== Your objective ==
Repeat each record exactly as written, and drop any images.

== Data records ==
------------------------------------------------------------

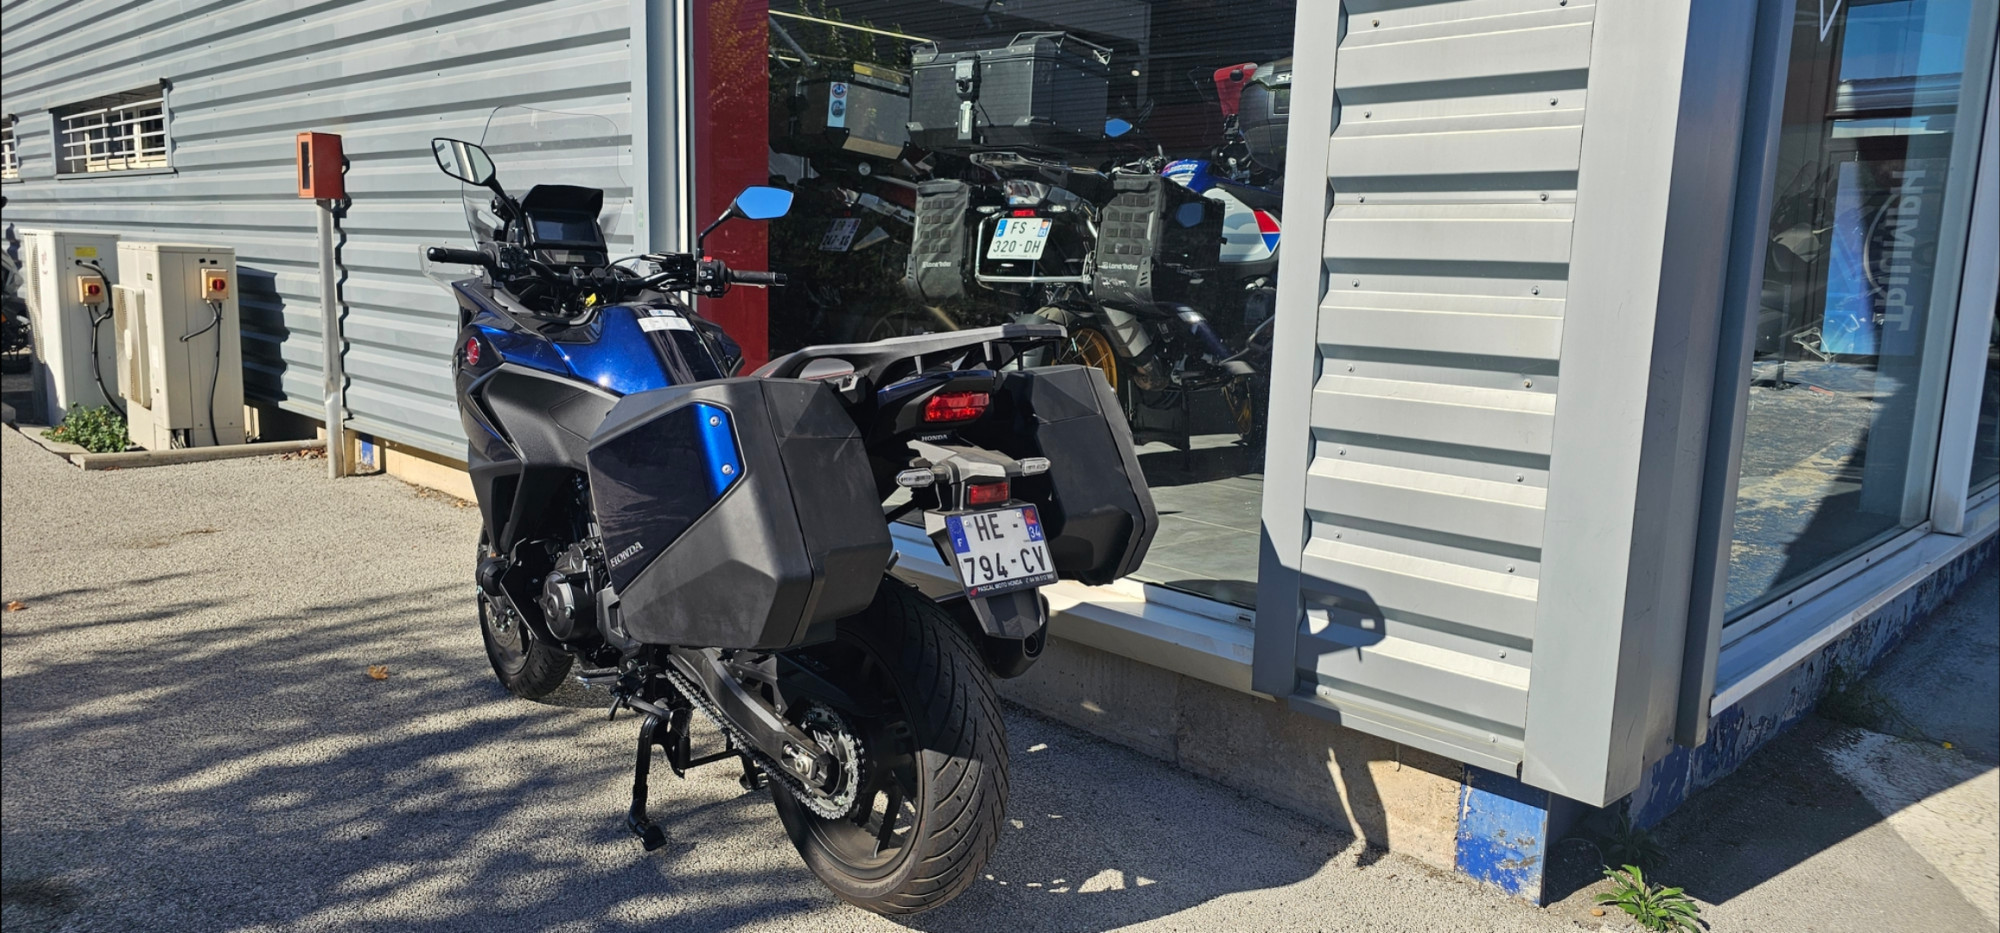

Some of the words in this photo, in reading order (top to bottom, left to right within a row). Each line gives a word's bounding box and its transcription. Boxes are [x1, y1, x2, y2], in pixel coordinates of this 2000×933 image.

[921, 434, 948, 442] HONDA
[1029, 526, 1041, 538] 34
[957, 538, 963, 547] F
[610, 541, 644, 567] HONDA

------------------------------------------------------------

== Task solution ==
Some of the words in this photo, in reading order (top to bottom, left to right within a row). Each line gives a word's bounding box and its transcription. Boxes are [x1, y1, x2, y2], in pixel coordinates of this 2000×933 image.

[921, 434, 948, 442] HONDA
[1029, 526, 1041, 538] 34
[957, 538, 963, 547] F
[610, 541, 644, 567] HONDA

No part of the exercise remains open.